Jumat, 24 Oktober 2014

Malala, Satyarthi, dan Kekerasan Anak

Malala, Satyarthi, dan Kekerasan Anak

Anonim  ;  Lulusan International Biblical College, Yerusalem
KORAN JAKARTA, 14 Oktober 2014
                                                
                                                                                                                       


Komite penghargaan di Oslo, Norwegia, mengumumkan Nobel Perdamaian 2014 jatuh ke tangan Malala Yousafzai dan Kailash Satyarthi. Keduanya merupakan pejuang anak-anak.
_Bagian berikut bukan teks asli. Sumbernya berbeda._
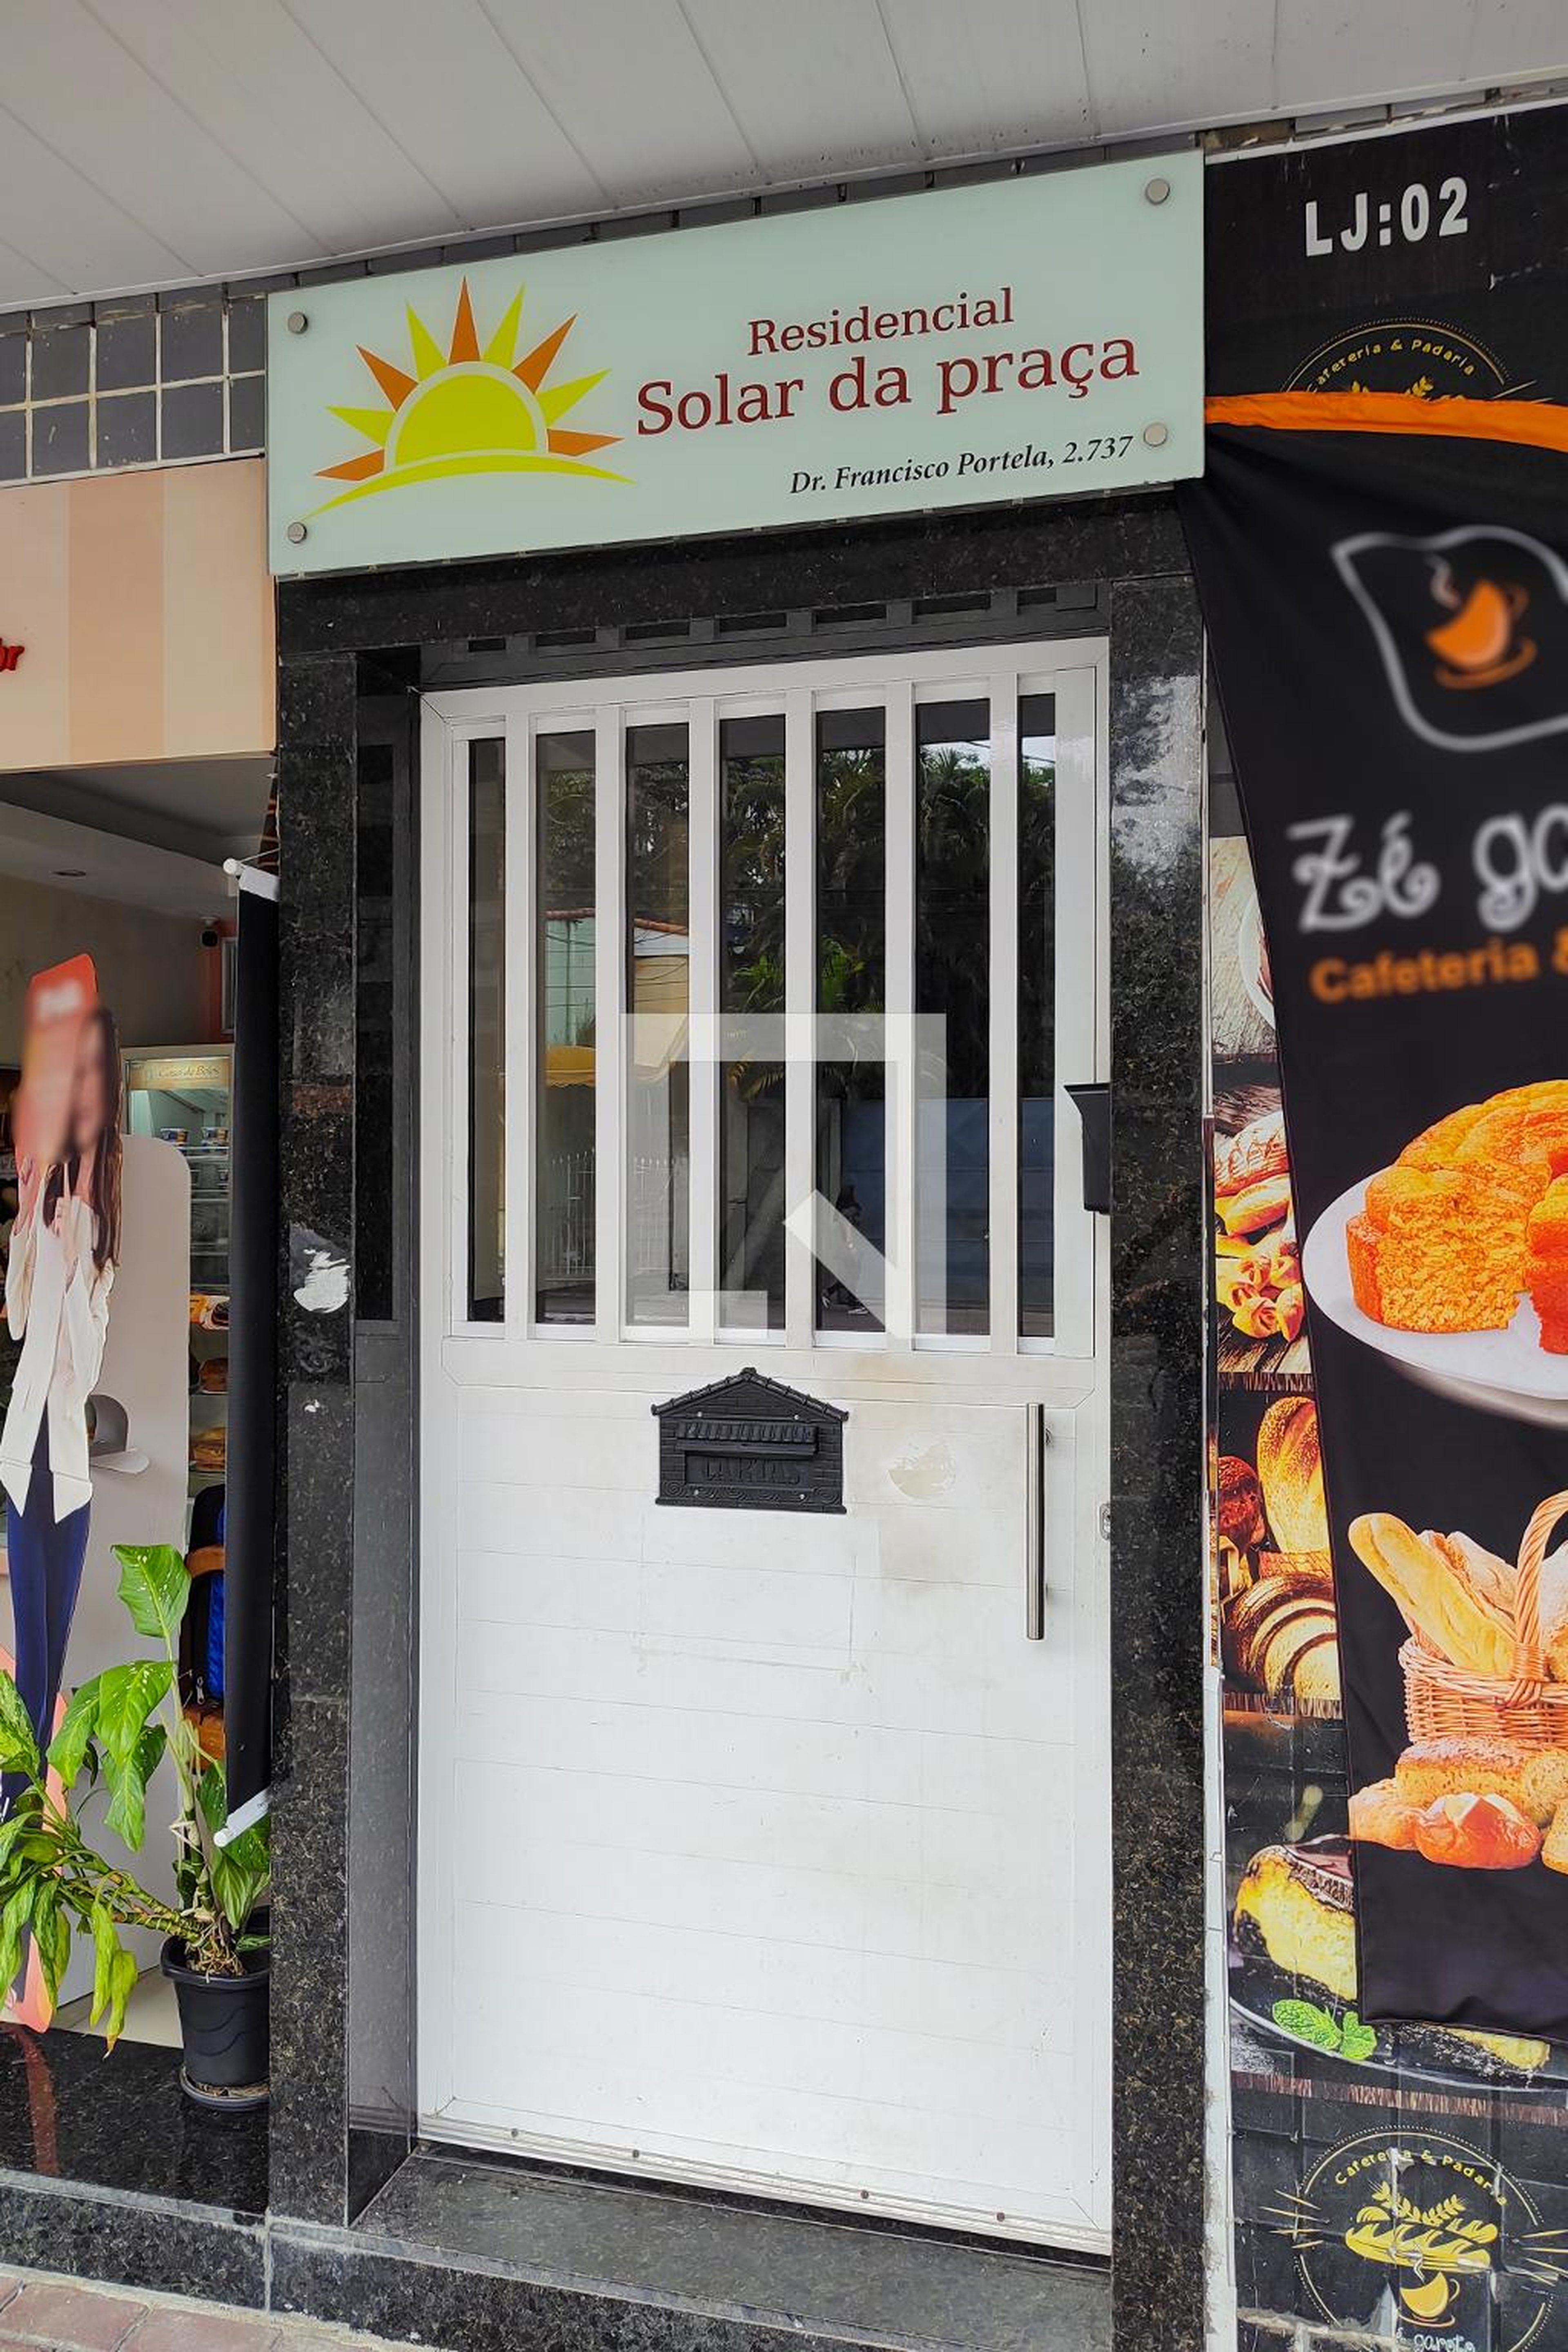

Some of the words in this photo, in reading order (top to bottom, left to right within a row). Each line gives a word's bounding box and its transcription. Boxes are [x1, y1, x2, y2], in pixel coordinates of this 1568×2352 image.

[1306, 177, 1468, 257] LJ:02
[748, 287, 1015, 355] Residencial
[636, 372, 804, 436] Solar
[829, 356, 912, 412] da
[937, 336, 1139, 415] praça
[1391, 339, 1403, 351] &
[1412, 339, 1475, 375] Padaria
[791, 472, 826, 494] Dr.
[835, 459, 950, 489] Francisco
[958, 444, 1054, 476] Portela,
[1062, 436, 1134, 463] 2.737
[1311, 938, 1539, 1002] Cafeteria
Berkat perjuangan mereka, anak-anak, khususnya di daerah rawan konflik dan kekerasan, mendapat akses dunia pendidikan. Keduanya melawan penindasan terhadap anak-anak, orang muda, serta gigih menyuarakan hak bocah atas pendidikan.
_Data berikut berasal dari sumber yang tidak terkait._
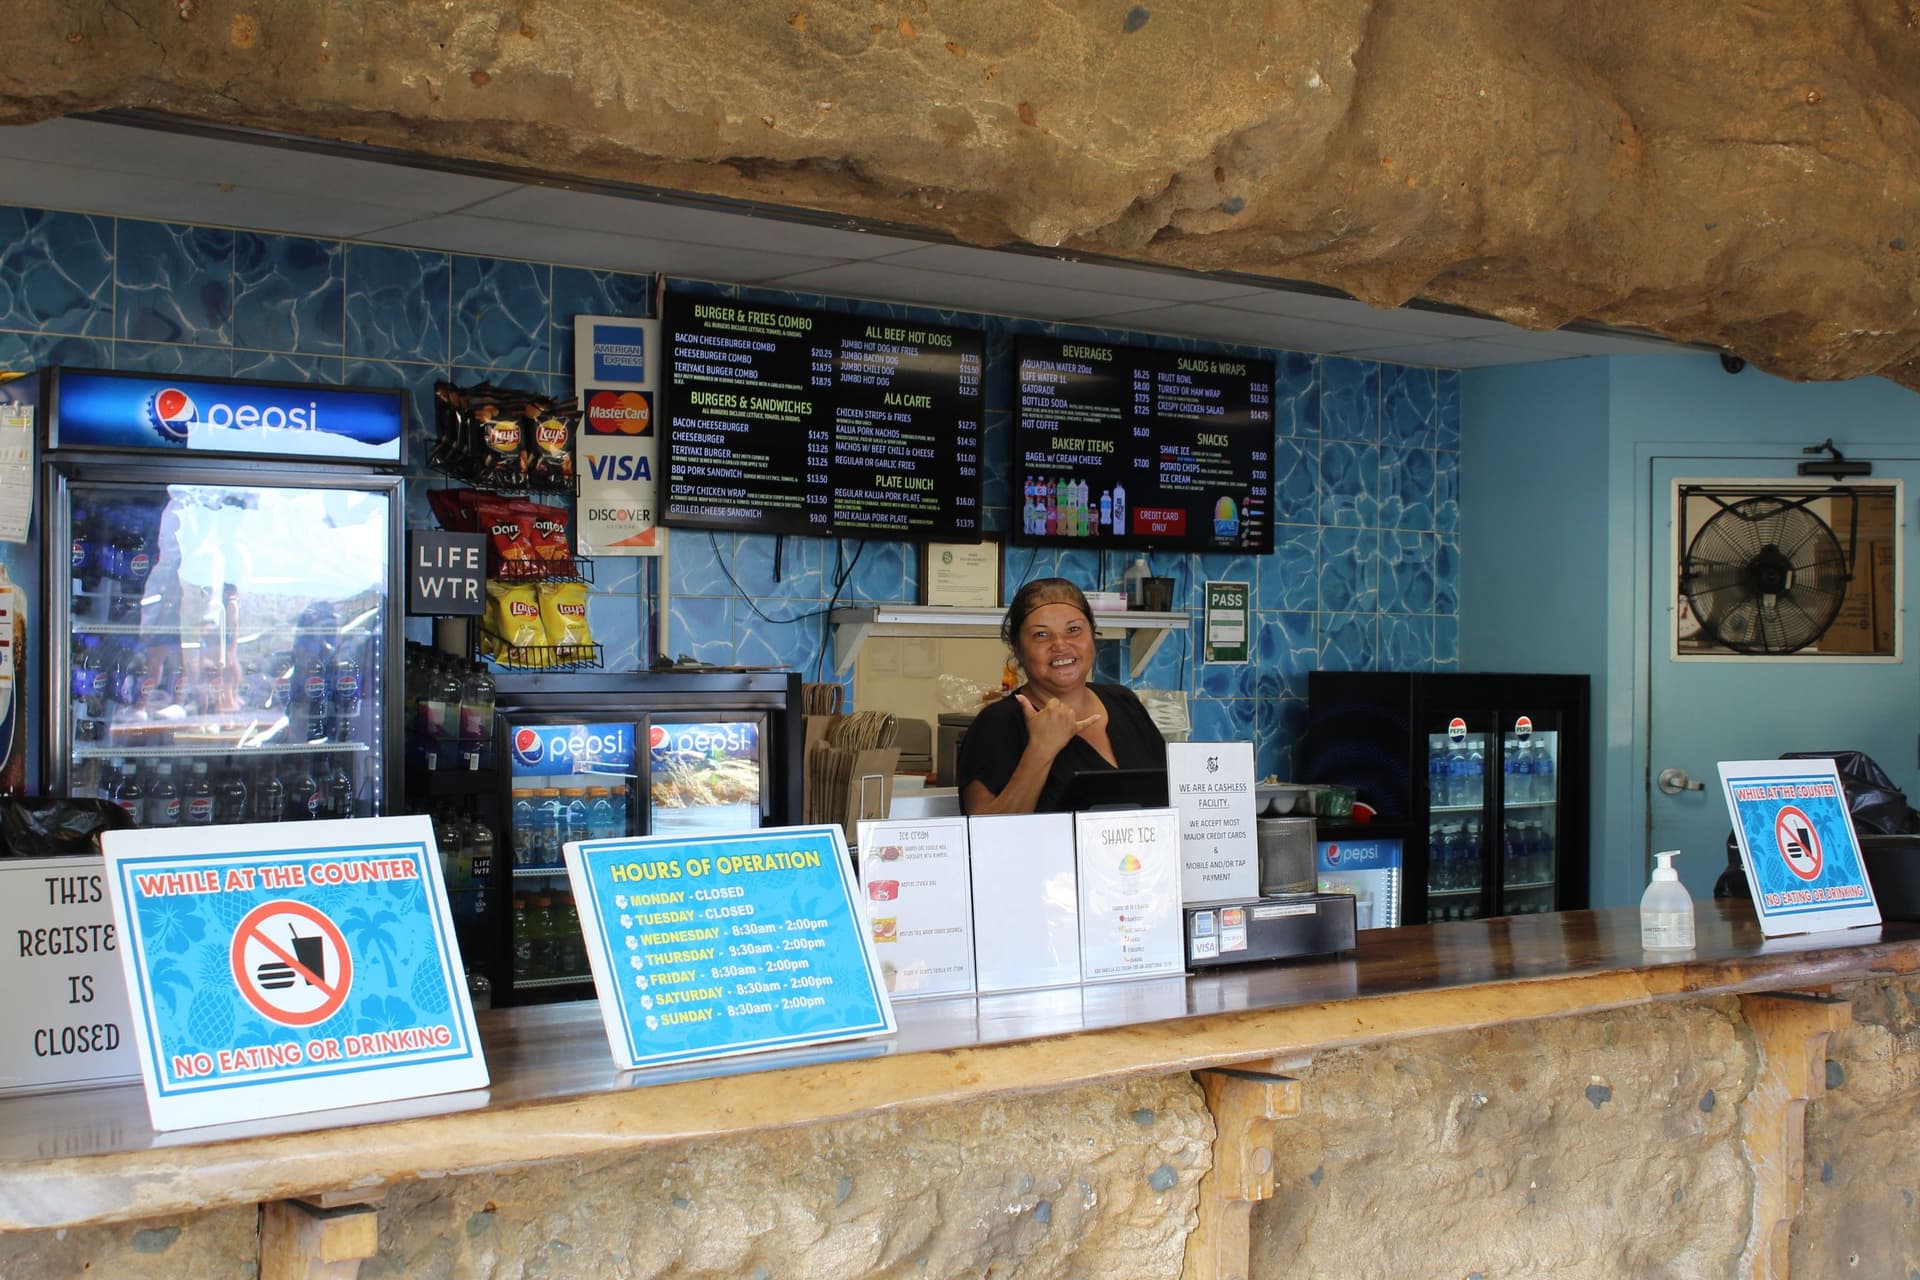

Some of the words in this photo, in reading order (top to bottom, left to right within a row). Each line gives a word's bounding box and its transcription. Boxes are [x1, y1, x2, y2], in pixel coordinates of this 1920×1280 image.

[695, 305, 734, 321] BURGER
[737, 311, 745, 322] &
[748, 312, 776, 325] FRIES
[778, 314, 812, 330] COMBO
[866, 325, 882, 339] ALL
[885, 328, 906, 342] BEEF
[909, 332, 926, 344] HOT
[928, 333, 952, 347] DOGS
[594, 346, 640, 354] AMERICAN
[675, 333, 698, 344] BACON
[700, 335, 751, 349] CHEESEBURGER
[752, 341, 776, 352] COMBO
[811, 348, 832, 358] $20.25
[1063, 344, 1112, 361] BEVERAGES
[604, 357, 642, 366] EXPRESS
[674, 348, 727, 361] CHEESEBURGER
[728, 353, 752, 364] COMBO
[674, 362, 705, 373] TERIYAKI
[706, 365, 733, 377] BURGER
[735, 369, 758, 379] COMBO
[1178, 357, 1208, 373] SALADS
[1211, 362, 1217, 373] &
[1219, 363, 1246, 376] WRAPS
[691, 391, 737, 408] BURGERS
[739, 396, 747, 408] &
[750, 397, 812, 415] SANDWICHES
[884, 392, 902, 405] ALA
[904, 394, 931, 408] CARTE
[208, 401, 316, 440] pepsi
[590, 406, 648, 420] MasterCard
[836, 407, 863, 419] CHICKEN
[865, 410, 886, 420] STRIPS
[888, 413, 892, 421] &
[894, 413, 912, 423] FRIES
[673, 417, 695, 428] BACON
[697, 420, 749, 433] CHEESEBURGER
[1022, 419, 1034, 429] HOT
[1036, 421, 1059, 431] COFFEE
[672, 431, 725, 444] CHEESEBURGER
[1052, 437, 1086, 452] BAKERY
[1087, 439, 1114, 454] ITEMS
[1198, 433, 1229, 447] SNACKS
[672, 445, 702, 456] TERIYAKI
[704, 447, 731, 458] BURGER
[1025, 451, 1045, 462] BAGEL
[1055, 454, 1077, 465] CREAM
[1079, 455, 1102, 466] CHEESE
[584, 455, 652, 481] VISA
[835, 455, 864, 466] REGULAR
[865, 458, 874, 467] OR
[875, 458, 897, 469] GARLIC
[898, 460, 916, 470] FRIES
[1160, 462, 1181, 471] POTATO
[1182, 463, 1200, 473] CHIPS
[672, 465, 686, 475] BBQ
[687, 466, 706, 476] PORK
[707, 467, 742, 478] SANDWICH
[807, 474, 828, 484] $13.50
[876, 474, 902, 488] PLATE
[904, 477, 934, 491] LUNCH
[671, 485, 695, 494] CRISPY
[697, 486, 726, 496] CHICKEN
[728, 488, 746, 497] WRAP
[589, 508, 650, 521] DISCOVER
[671, 504, 699, 514] GRILLED
[700, 506, 726, 516] CHEESE
[728, 508, 762, 519] SANDWICH
[810, 514, 827, 523] $9.00
[1140, 510, 1161, 521] CREDIT
[1163, 511, 1179, 521] CARD
[1152, 522, 1167, 532] ONLY
[419, 546, 479, 569] LIFE
[419, 577, 478, 601] WTR
[1212, 594, 1243, 607] PASS
[550, 730, 623, 762] pepsi
[678, 728, 746, 758] pepsi
[1179, 784, 1191, 792] WE
[1193, 784, 1206, 792] ARE
[1215, 783, 1247, 792] CASHLESS
[1736, 787, 1766, 800] WHILE
[1767, 787, 1777, 799] AT
[1779, 786, 1795, 798] THE
[1797, 784, 1835, 797] COUNTER
[1189, 819, 1199, 828] WE
[1201, 819, 1222, 827] ACCEPT
[1224, 818, 1240, 826] MOST
[1101, 828, 1134, 845] SHAVE
[1138, 827, 1156, 843] ICE
[1184, 832, 1205, 841] MAJOR
[1206, 832, 1226, 840] CREDIT
[1228, 831, 1246, 839] CARDS
[1344, 844, 1378, 862] pepsi
[610, 861, 682, 883] HOURS
[686, 857, 711, 877] OF
[716, 850, 822, 875] OPERATION
[1186, 862, 1208, 870] MOBILE
[1210, 860, 1234, 869] AND/OR
[1235, 859, 1246, 867] TAP
[138, 870, 220, 897] WHILE
[226, 869, 253, 889] AT
[259, 866, 305, 888] THE
[310, 859, 418, 884] COUNTER
[1203, 873, 1231, 882] PAYMENT
[45, 875, 103, 905] THIS
[1766, 894, 1780, 906] NO
[1782, 891, 1811, 904] EATING
[1813, 890, 1824, 901] OR
[1825, 886, 1863, 900] DRINKING
[630, 891, 684, 907] MONDAY
[636, 910, 694, 926] TUESDAY
[18, 924, 116, 957] REGISTE
[640, 928, 719, 945] WEDNESDAY
[732, 923, 776, 936] 8:30am
[785, 919, 828, 931] 2:00pm
[646, 948, 715, 966] THURSDAY
[782, 939, 825, 951] 2:00pm
[1197, 943, 1215, 953] VISA
[651, 970, 696, 985] FRIDAY
[711, 966, 756, 978] 8:30am
[766, 959, 809, 972] 2:00pm
[68, 975, 94, 1004] IS
[656, 987, 723, 1005] SATURDAY
[736, 982, 780, 995] 8:30am
[790, 976, 833, 989] 2:00pm
[661, 1009, 712, 1025] SUNDAY
[727, 1002, 772, 1016] 8:30am
[782, 997, 825, 1010] 2:00pm
[34, 1023, 120, 1057] CLOSED
[174, 1054, 212, 1078] NO
[219, 1043, 301, 1072] EATING
[307, 1038, 340, 1060] OR
[347, 1026, 452, 1056] DRINKING
Dengan demikian, tiga wanita meraih Nobel Perdamaian. Tokoh satunya adalah Ibu Teresa yang meraih Nobel Perdamaian tahun 1979 berkat karya belas kasihnya untuk kaum papa, termasuk anak-anak yang dibuang di jalanan kota-kota besar India. Perjuangan ketiga peraih Nobel Perdamain itu jelas amat relevan dengan kondisi negeri Indonesia.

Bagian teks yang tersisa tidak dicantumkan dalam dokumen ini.